The mapping T satisfies the condition $$(C_\lambda )$$ but it fails the condition $$(C_{\lambda _1})$$, whenever $$0< \lambda _1 < \lambda$$. Moreover, T satisfies the condition $$(E_\mu )$$ for $$\mu = \frac{2 + \lambda }{2}$$.

Throughout, this paper we work in the setting of hyperbolic spaces introduced by Kohlenbach [15].

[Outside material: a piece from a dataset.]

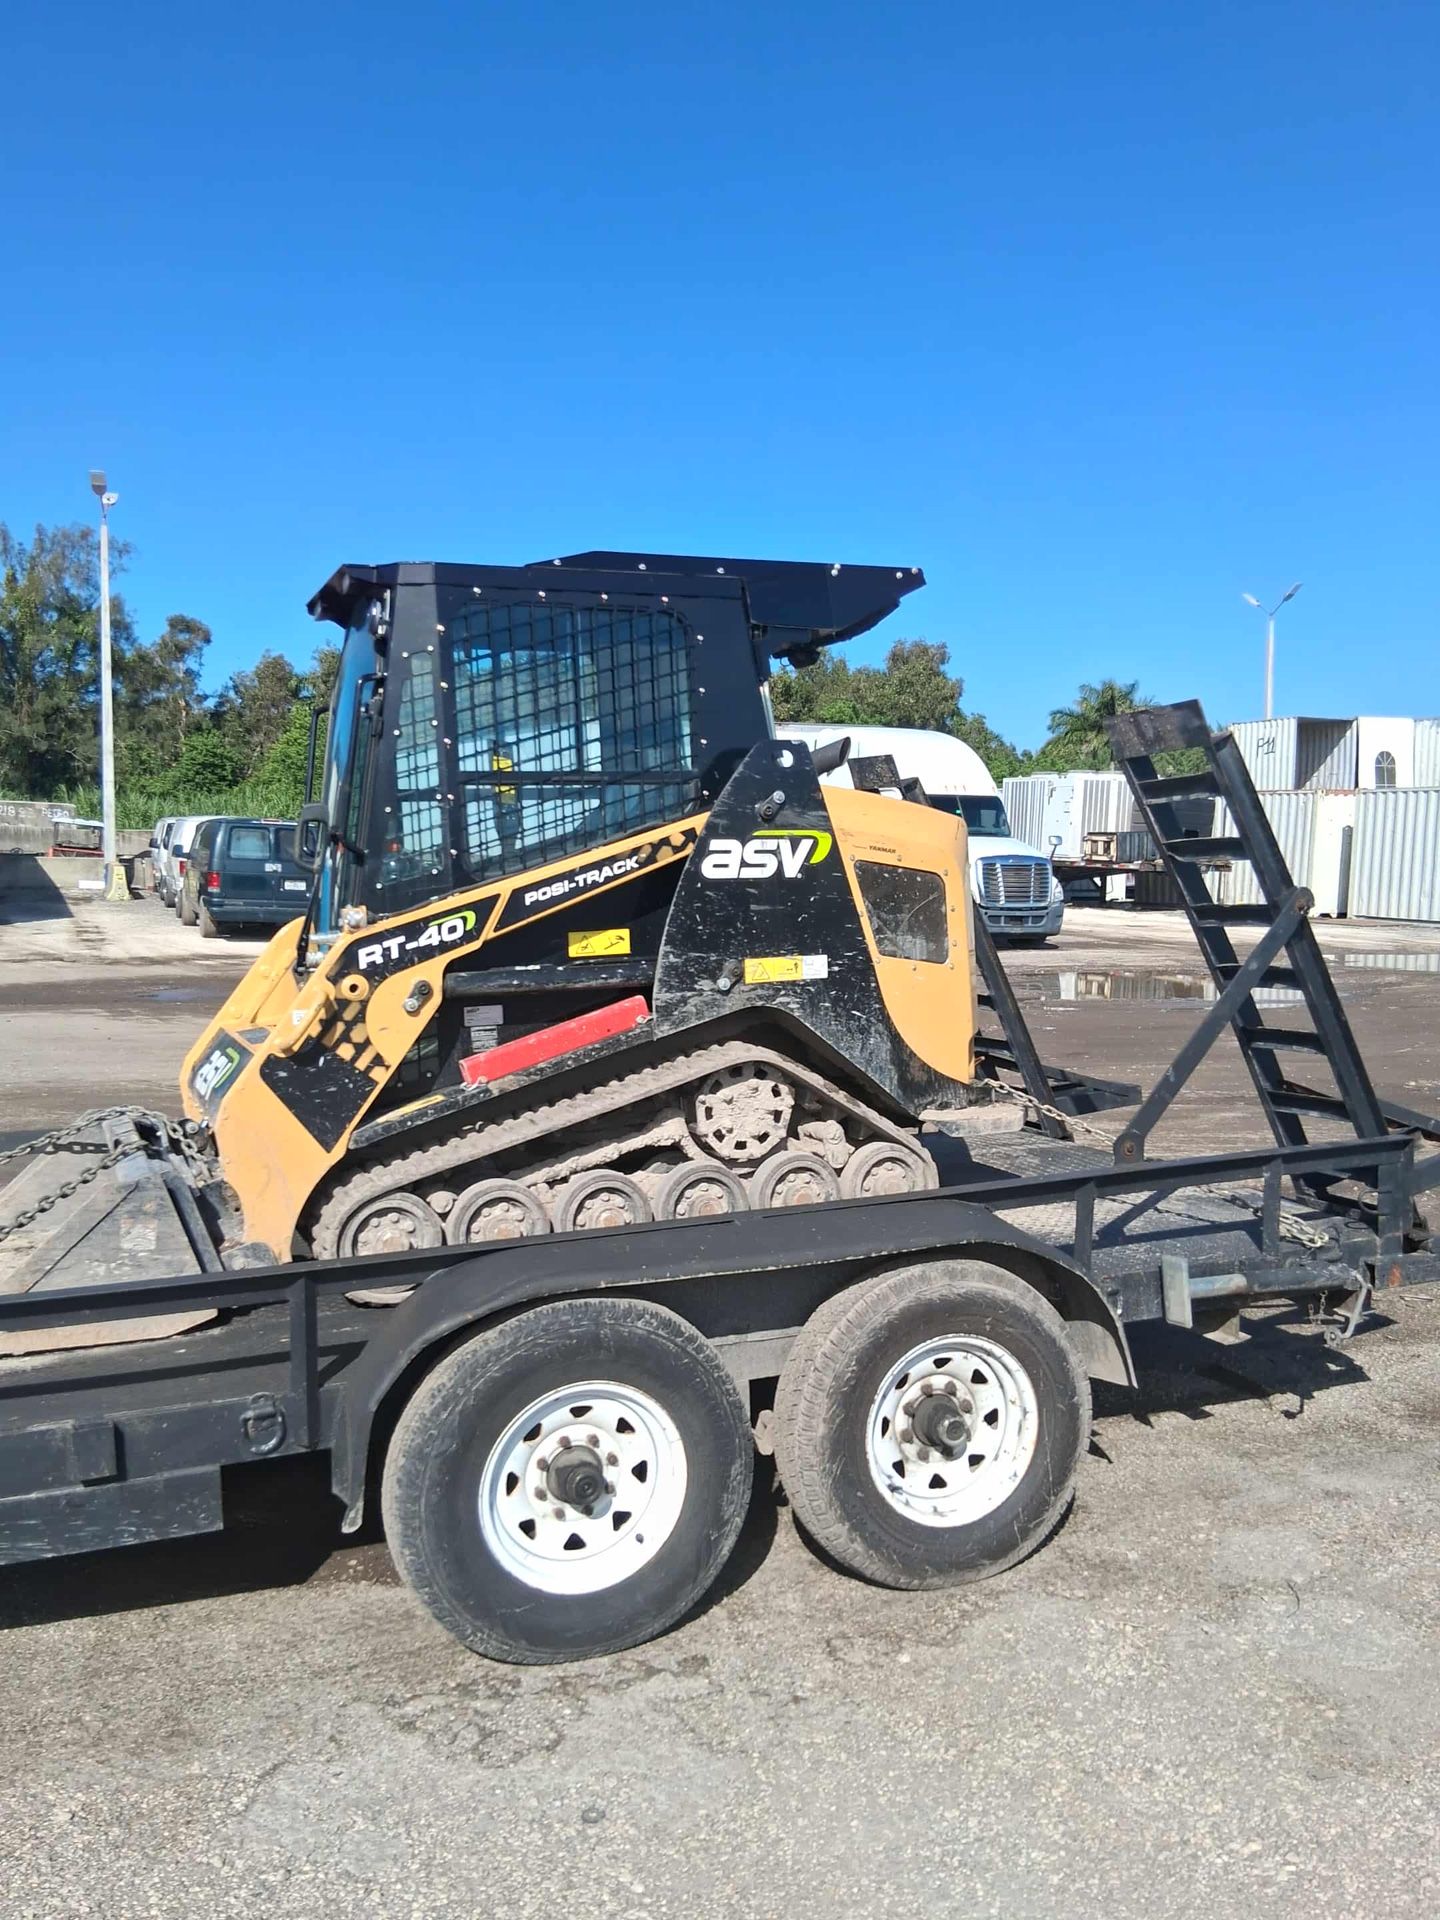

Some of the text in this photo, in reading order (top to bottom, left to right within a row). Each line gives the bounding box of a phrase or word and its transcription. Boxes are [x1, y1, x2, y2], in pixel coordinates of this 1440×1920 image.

[869, 845, 896, 854] YANMAR
[524, 855, 640, 906] POSI-TRACK
[357, 917, 465, 970] RT-40

A hyperbolic space (XdW) is a metric space (Xd) together with a convexity mapping $$W: X^{2} \times [0,1] \rightarrow X$$ satisfying

• $$(W_{1})$$ $$d( u, W(x, y, \alpha )) \le \alpha d( u, x) + ( 1-\alpha ) d( u, y);$$

• $$(W_{2})$$ $$d(W(x, y, \alpha ), W(x, y,\beta )) = \vert \alpha - \beta \vert d( x, y);$$

• $$(W_{3})$$ $$W(x, y, \alpha ) = W( y, x, 1-\alpha );$$

• $$(W_{4})$$ $$d( W(x, z, \alpha ), W( y, w, \alpha ))\le (1-\alpha ) d( x, y) + \alpha d( z, w),$$

• for all $$x, y, z, w \in X$$ and $$\alpha , \beta \in [0,1]$$.

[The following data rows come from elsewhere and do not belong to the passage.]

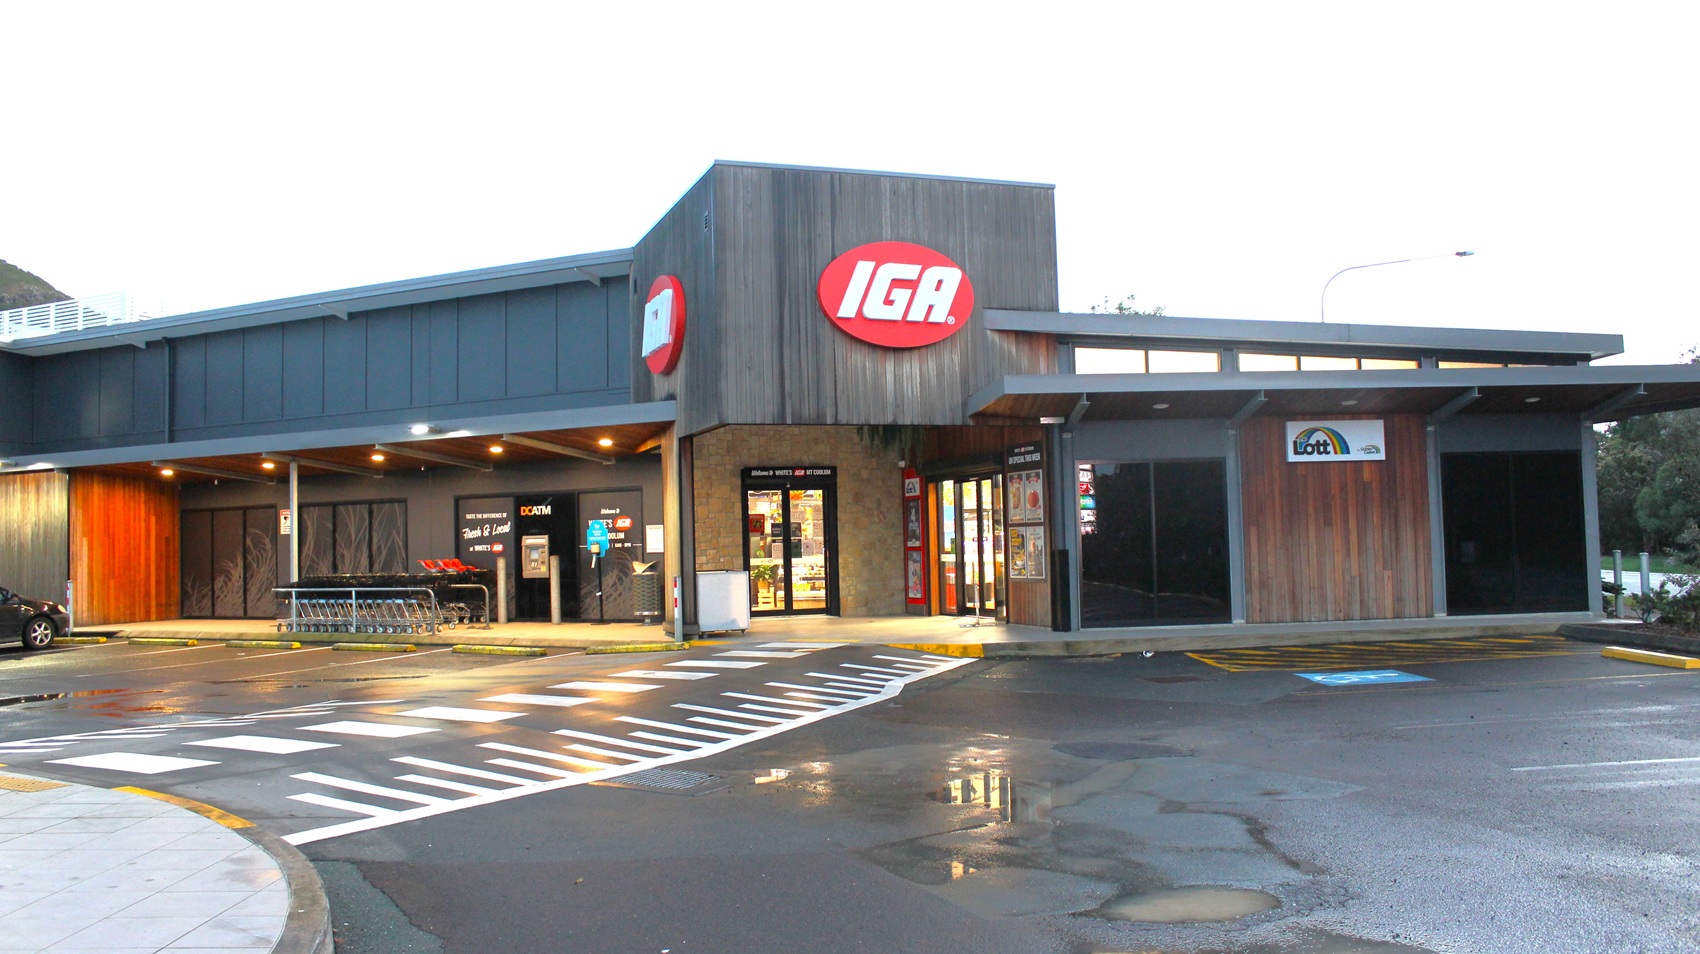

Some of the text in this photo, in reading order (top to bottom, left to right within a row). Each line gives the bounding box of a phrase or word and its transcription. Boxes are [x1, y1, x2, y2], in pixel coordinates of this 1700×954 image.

[1293, 439, 1330, 456] Lott
[1013, 455, 1024, 464] SPECIAL
[616, 518, 631, 528] IGA
[462, 526, 481, 540] Fresh
[492, 521, 511, 536] Local

A metric space is said to be a convex metric space in the sense of Takahashi [25], where a triple (XdW) satisfy only $$(W_{1}).$$ The concept of hyperbolic spaces in [15] is more restrictive than the hyperbolic type introduced by Goebel and Kirk [5] since $$(W_{1})$$ and$$(W_{2})$$ together are equivalent to (XdW) being a space of hyperbolic type in [5]. But it is slightly more general than the hyperbolic space defined in Reich and Shafrir [20] (see [15]). This class of metric spaces in [15] covers all normed linear spaces, $$\mathbb {R}$$-trees in the sense of Tits, the Hilbert ball with the hyperbolic metric (see [6]), Cartesian products of Hilbert balls, Hadamard manifolds (see [20]), and CAT(0) spaces in the sense of Gromov (see [4]). A thorough discussion of hyperbolic spaces and a detailed treatment of examples can be found in [15] (see also [5, 6, 20]).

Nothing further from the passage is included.